Last of the lockdown loaves

Food and Drink

Lockdown may be coming to an end but will the nation’s newfound love for bread making disappear with it? I truly hope not. Whilst I confess to not having tried my hand at sourdough, I have come close with various attempts at wholemeal rolls, seeded loaves and even French baguette! The latter was due to a moment of year abroad crisis when all my plans for a summer in France began to, and continued to, crumble in my fingers. So much for strolling through lavender fields, gorging myself on honey and swimming in the Med. Oh, and not to mention, emerging fluent in French! Well, you know what – who needs France when you can recreate their most renowned export in your very own kitchen?!

While it can’t be disputed that a couple of slices of Hovis make for a speedier sandwich, there is something incredibly therapeutic about kneading, shaping and tucking up your dough as it rises plump and proud beneath a tea towel. And containing just flour, yeast, water and a dash of salt, this recipe definitely makes you question the extortionate price tags of Paul’s bakery.

For all the lengthy proving sessions, these French flutes are remarkably simple, especially when compared to the seven-day sourdough palaver. No feeding a starter here, just yourselves when the bread emerges crusty and warm from the oven!

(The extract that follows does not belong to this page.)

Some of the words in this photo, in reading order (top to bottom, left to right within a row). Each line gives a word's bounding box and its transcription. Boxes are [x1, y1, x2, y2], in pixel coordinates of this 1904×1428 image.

Douse it in honey or layer up with butter and jam and you’ll be transported across La Manche to a sunny breakfast in Provence. Tear apart and stuff with cheese or parma ham and you could as well be on the beach after a blazing swim. Or – and this one’s my personal favourite – slip into the crusty interior a few squares (or rows!) of dark chocolate and find yourself… in heaven!

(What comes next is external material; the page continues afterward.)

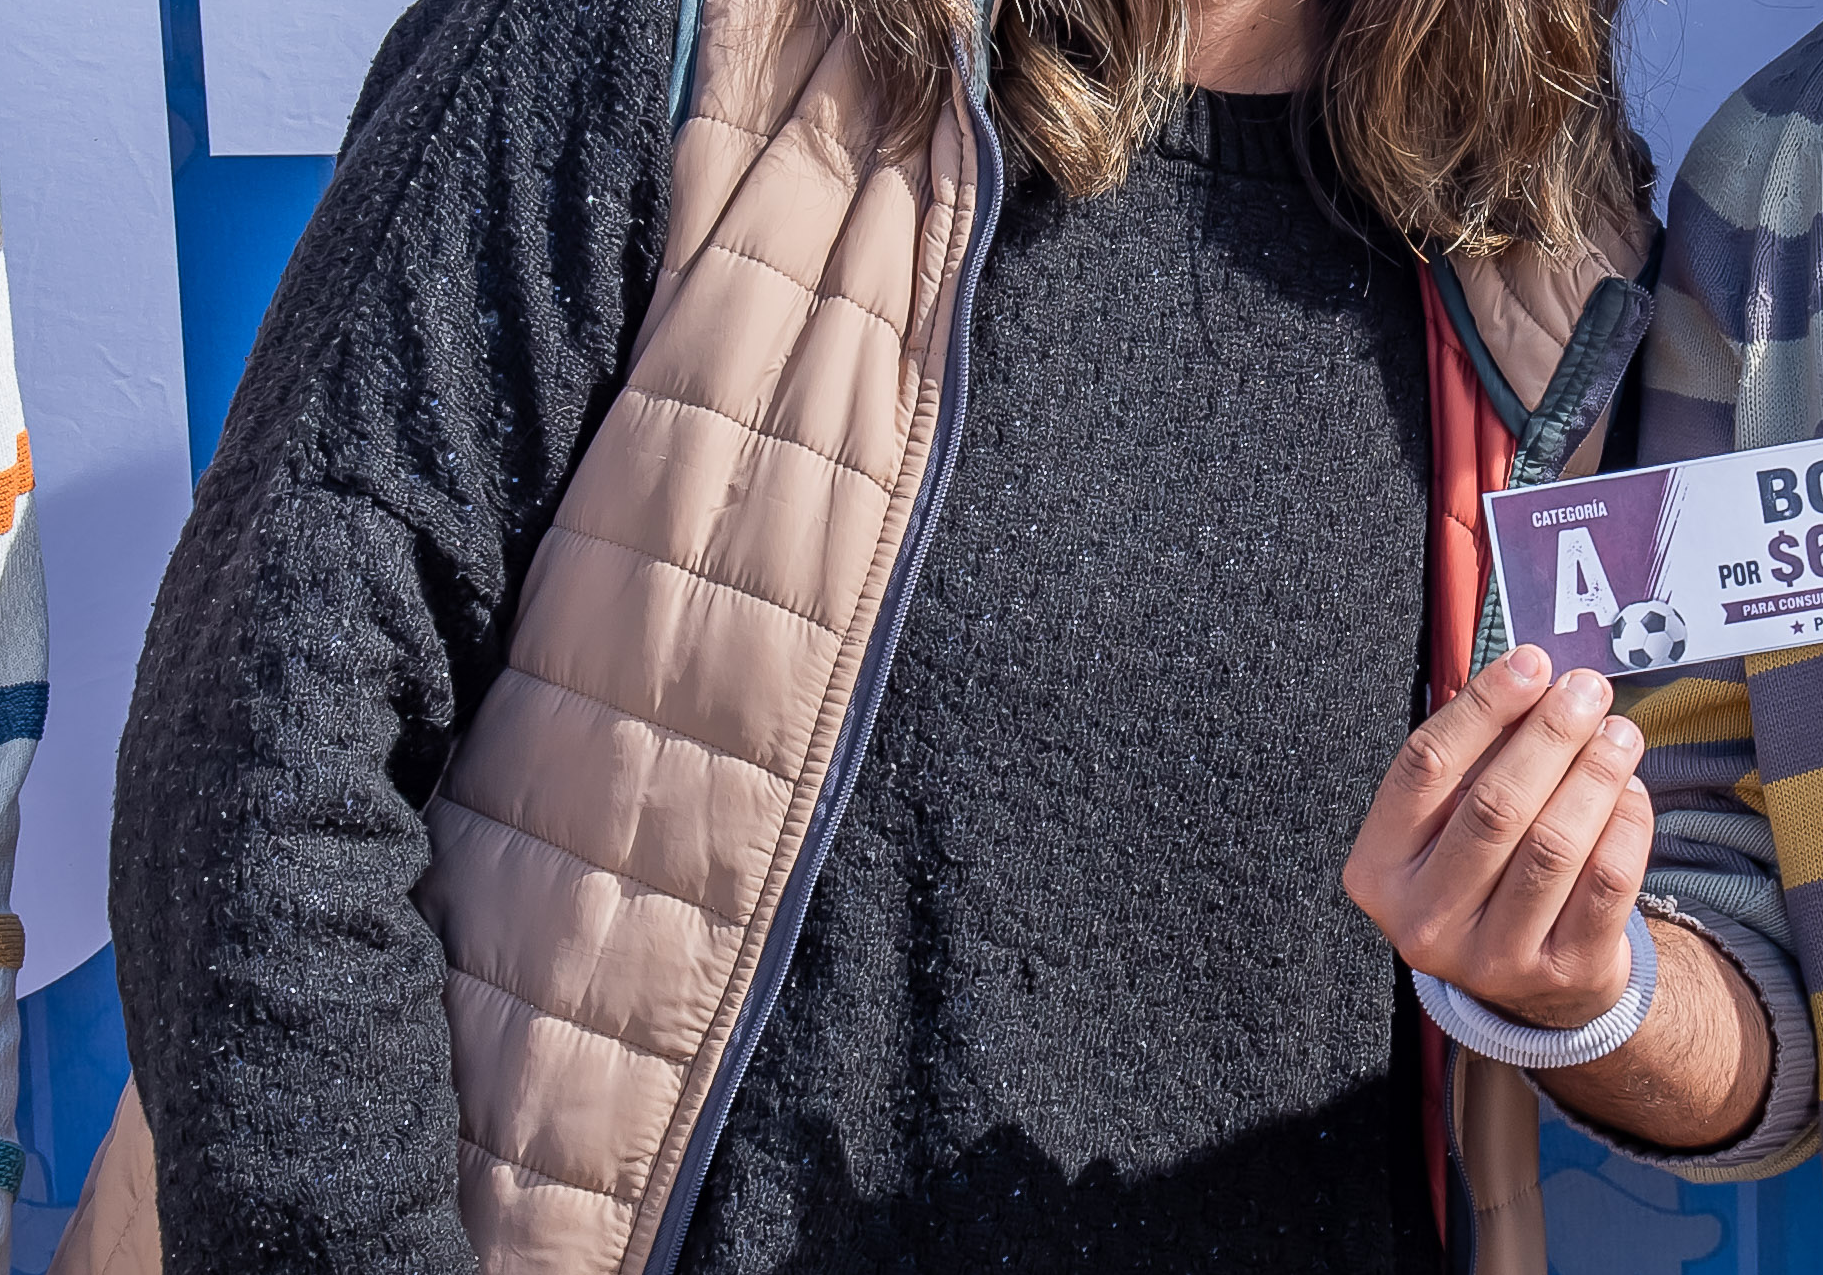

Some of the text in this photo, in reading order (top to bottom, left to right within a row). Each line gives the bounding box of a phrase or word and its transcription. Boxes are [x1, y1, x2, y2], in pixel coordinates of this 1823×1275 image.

[1531, 499, 1609, 528] CATEGORÍA
[1553, 526, 1621, 635] A
[1718, 560, 1762, 589] POR
[1742, 601, 1776, 617] PARA

300g strong white bread flour

200g plain white flour

1 x 7g sachet fast-action dried yeast

300ml lukewarm water

1 tsp salt

1/2 tsp salt dissolved in 4 tbsp cold water, (for brushing)



  1. Mix both flours in a large bowl then tip half of the mix into another, smaller bowl.
  2. Stir 1/2 tsp of the yeast into the flour in the large bowl, then work in the lukewarm water to make a thick, smooth batter.
  3. Cover the bowl with clingfilm and leave on the worktop for 3-4 hours until the surface of the batter is speckled with bubbles.
  4. Uncover the bowl and stir in 1 tbsp lukewarm water.
  5. Mix the rest of the salt and yeast into the flour in the smaller bowl. Then work this mixture into the batter to make a soft dough. (Add a little more flour if it’s sticky).
  6. Lightly dust your hands and the worktop with flour then turn out the dough and knead for 10 mins until smooth and stretchy.
  7. Put the dough back in the bowl, cover with clingfilm and leave to rise for an hour until doubled in size.
  8. Lightly dust your hands and the worktop with flour again then turn out the ball of dough. Use a sharp knife to cut it in half.
  9. Without handling the dough too much, shape each half into a rough ball. Then cover loosely with a dry tea towel and leave for 15 mins.
  10. Now take one ball of dough and dust your rolling pin with flour. Gently roll out into a rectangle about 25 x 30cm. Roll up the rectangle quite tightly from one long side to the opposite edge, (like a Swiss roll). Then tuck in the ends and pinch the seam firmly together.
  11. Move the dough to an unfloured part of the worktop and gently roll back and forth to make a sausage-shaped loaf, about 40cm long.
  12. Lay a large, dry tea bowl on a tray. Gently lift the shaped loaf onto it whilst you repeat the process with the second half of the dough.
  13. Then partly pull up the tea towel as a barrier between the two loaves and cover loosely with clingfilm to rise for another 45mins.
  14. While the loaves are rising, preheat the oven to 230C and put a baking sheet in to heat up. Also, place an empty roasting tin on the floor of the oven.
  15. When the loaves are ready for baking, remove the hot baking sheet from the oven and slide the loaves onto it. Brush them with the salty water and make several slashes with a sharp knife.
  16. Put the baking sheet back in the oven. Then pour a jug of cold water into the roasting tin to create steam. Shut the oven door quickly.
  17. Bake for about 20 mins until golden brown and crisp.
  18. Cool on a wire rack (if you have patience enough to wait..good luck with that)!